Hypoxia-preconditioned MiotEVs from bone marrow mesenchymal stem cells inhibit myocardial infarction-induced cardiac fibrosis.

Hypoxia-preconditioned bone marrow mesenchymal stem cell-derived mitochondrial extracellular vesicles (Hypoxia-BMSC MitoEVs) emerged as a novel therapeutic candidate for myocardial infarction (MI)-induced cardiac fibrosis. Here, we demonstrate that MitoEVs isolated from hypoxic BMSCs, rich in intact mitochondria and the RNA-binding protein Quaking (QKI), potently inhibited TGF-β1-driven myofibroblast activation in vitro by suppressing α-SMA and collagen expression while restoring mitochondrial oxidative phosphorylation and metabolic balance.
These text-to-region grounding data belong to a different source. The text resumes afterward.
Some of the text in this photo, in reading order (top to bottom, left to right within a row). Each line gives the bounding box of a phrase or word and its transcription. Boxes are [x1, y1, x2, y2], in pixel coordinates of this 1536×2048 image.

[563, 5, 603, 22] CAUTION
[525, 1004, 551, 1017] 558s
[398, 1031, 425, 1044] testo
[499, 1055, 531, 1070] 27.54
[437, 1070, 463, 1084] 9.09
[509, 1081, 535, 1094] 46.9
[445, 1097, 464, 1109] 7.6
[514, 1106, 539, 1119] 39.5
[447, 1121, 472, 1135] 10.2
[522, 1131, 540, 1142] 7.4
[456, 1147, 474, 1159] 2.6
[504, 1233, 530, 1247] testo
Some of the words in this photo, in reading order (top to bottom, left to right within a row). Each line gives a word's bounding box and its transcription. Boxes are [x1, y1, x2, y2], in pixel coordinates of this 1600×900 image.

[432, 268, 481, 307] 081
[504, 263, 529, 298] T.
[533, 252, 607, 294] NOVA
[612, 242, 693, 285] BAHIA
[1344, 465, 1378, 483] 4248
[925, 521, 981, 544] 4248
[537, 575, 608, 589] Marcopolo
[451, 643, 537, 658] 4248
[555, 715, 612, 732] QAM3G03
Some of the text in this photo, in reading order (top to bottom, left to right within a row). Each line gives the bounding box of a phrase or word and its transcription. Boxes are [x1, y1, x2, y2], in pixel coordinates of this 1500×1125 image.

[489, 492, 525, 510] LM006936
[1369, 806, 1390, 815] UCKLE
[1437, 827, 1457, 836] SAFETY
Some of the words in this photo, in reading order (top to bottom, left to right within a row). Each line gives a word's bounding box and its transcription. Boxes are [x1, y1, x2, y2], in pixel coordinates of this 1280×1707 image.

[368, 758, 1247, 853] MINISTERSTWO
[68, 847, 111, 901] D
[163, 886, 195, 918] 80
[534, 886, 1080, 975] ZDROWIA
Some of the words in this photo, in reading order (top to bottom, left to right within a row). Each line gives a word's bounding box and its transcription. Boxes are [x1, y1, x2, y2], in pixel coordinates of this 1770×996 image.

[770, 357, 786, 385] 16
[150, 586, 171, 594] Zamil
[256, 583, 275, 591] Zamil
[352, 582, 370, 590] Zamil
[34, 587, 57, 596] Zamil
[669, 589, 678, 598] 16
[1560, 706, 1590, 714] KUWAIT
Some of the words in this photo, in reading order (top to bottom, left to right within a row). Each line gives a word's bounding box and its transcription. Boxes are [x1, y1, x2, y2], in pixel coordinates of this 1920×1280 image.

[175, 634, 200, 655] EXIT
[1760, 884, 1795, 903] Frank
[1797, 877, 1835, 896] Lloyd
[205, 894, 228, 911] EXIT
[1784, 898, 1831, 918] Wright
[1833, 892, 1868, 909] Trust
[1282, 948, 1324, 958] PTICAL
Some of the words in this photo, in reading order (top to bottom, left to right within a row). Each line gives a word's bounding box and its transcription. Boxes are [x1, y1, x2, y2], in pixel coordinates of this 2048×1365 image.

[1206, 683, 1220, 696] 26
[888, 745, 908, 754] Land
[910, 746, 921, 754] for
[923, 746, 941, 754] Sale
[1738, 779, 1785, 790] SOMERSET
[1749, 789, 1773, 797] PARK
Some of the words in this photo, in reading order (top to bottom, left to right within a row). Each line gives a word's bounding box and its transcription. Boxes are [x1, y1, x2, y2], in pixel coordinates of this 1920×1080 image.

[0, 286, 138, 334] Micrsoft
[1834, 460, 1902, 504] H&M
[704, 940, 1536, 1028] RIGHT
In a murine MI model, systemic delivery of Hypoxia-BMSC MitoEVs attenuated cardiac fibrosis, reduced infarct size, and improved left ventricular function. Pharmacological inhibition of mitochondrial ATP synthase in MitoEVs similarly diminished their therapeutic efficacy. Mechanistically, MitoEVs delivered QKI protein to cardiac fibroblasts, where it inhibited translation of fibrotic mRNAs via m7G-modified RNA interactions. Genetic ablation of QKI in BMSCs abrogated MitoEV-mediated antifibrotic effects both in vitro and in vivo, confirming QKI as a critical effector. These results suggested that both QKI-driven translational suppression and mitochondrial bioenergetics underpin their antifibrotic action. These findings highlight Hypoxia-BMSC MitoEVs as a therapeutic strategy to mitigate post-MI fibrosis, warranting further exploration for clinical translation.